Geometrical interpretation of the conjugacy of triangle groups. Let $\triangle$ and $\triangle'$  be two hyperbolic triangles of respective angles $\alpha,\beta,\gamma$ and $\alpha',\beta',\gamma'$. Let us suppose that the triangle subgroups $(\alpha,\beta,\gamma)$ and $(\alpha',\beta',\gamma')$ of $\mathbb{P}\mathrm{SL}(2,\mathbb{R})$ are conjugated. What does it tell us about the triangles $\triangle$ and $\triangle'$?
Reciprocally, is there any condition we could impose on the triangles $\triangle$ and $\triangle'$ for the triangle groups $(\alpha,\beta,\gamma)$ and $(\alpha',\beta',\gamma')$ to be conjugated?
 A: Assume that the angles of your triangles are all of the form $\pi/n$, $n\in {\mathbb N} - \{1\}$, of course is allowed to be different for different angles and triangles. Given a triangle $T$ with angles of this form, consider first the reflection group $\Gamma=\Gamma_T< Isom(H^2)$ generated  by reflections in the edges of $T$. Then $T$ is a fudnamental polygon for this group. The images of the triangle $T$ under $\Gamma$ tile the hyperbolic plane $H^2$ so that no $\Gamma$-wall in $H^2$ crosses $T$; this is an immediate consequence of being a fundamental domain. (Here, walls in $H^2$ are fixed lines of reflections which belong to $\Gamma$.) Now, suppose that $T'$ is another fundamental triangle of $\Gamma$. Then, after applying an element of $\Gamma$ to $T'$, we may assume that interiors of $T$ and $T'$ have nonempty intersection. But, since $T$ does not cross any walls, it follows that $T=T'$. 

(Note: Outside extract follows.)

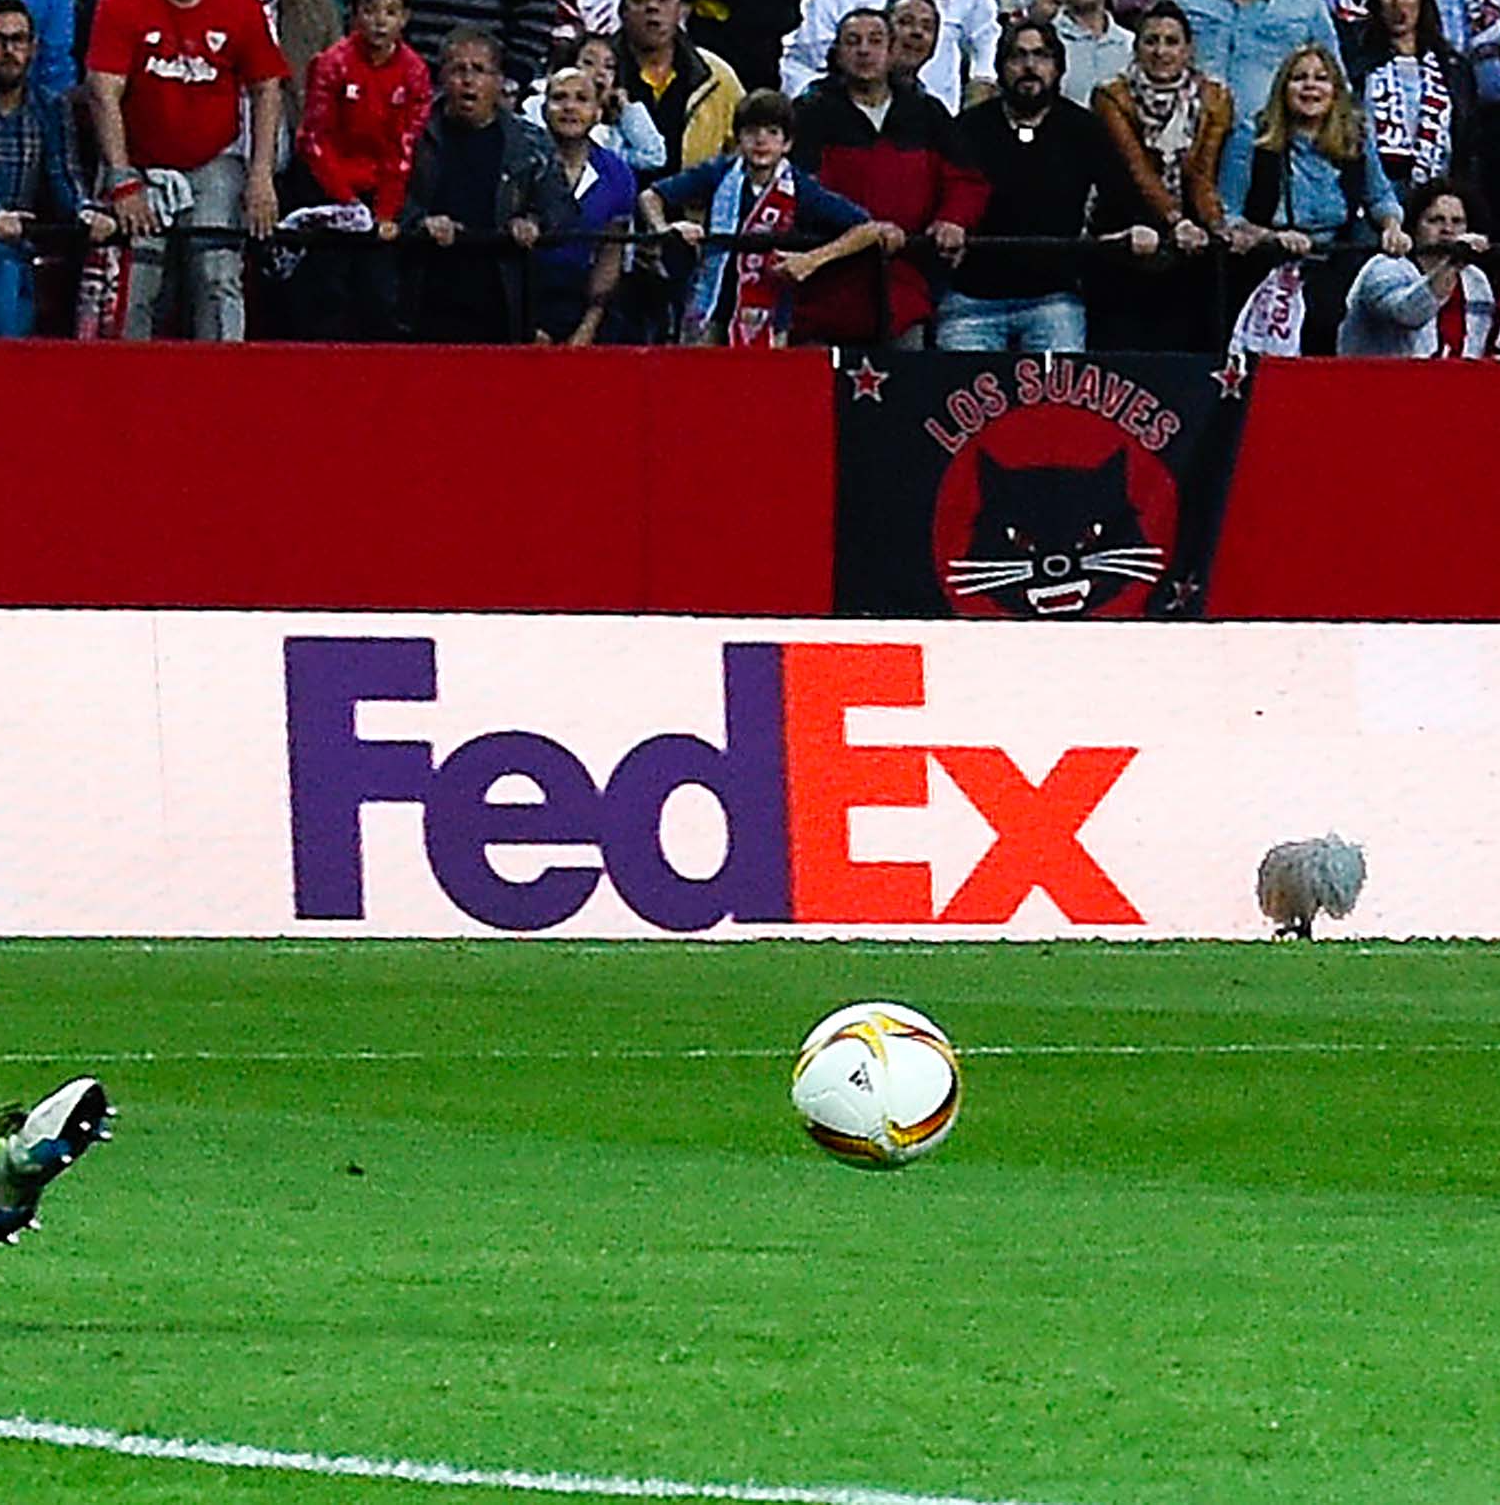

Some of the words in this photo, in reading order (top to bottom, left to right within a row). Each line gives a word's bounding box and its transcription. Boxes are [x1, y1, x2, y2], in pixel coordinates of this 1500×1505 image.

[924, 371, 1007, 454] LOS
[1015, 358, 1181, 451] SUAVES
[282, 635, 1147, 932] FedEx

Now, suppose that $\Gamma_{T}, \Gamma_{T'}$ are conjugate triangle reflection groups, $\Gamma_{T'}= g \Gamma_T g^{-1}, g\in Isom(H^2)$. Then $g^{-1}(T')$ is a fundamental triangle of $\Gamma$. By the above argument, it follows that $T, T'$ are congruent. 
Now, your groups $\Delta$ (under the angle assumption I made above) are index 2 subgroups in the triangle reflection groups. However, one can show that each $\Delta$ is an index 2 subgroup of a unique triangle reflection group. Thus, $\Delta$ is conjugate to $\Delta'$ iff the triangles are congruent.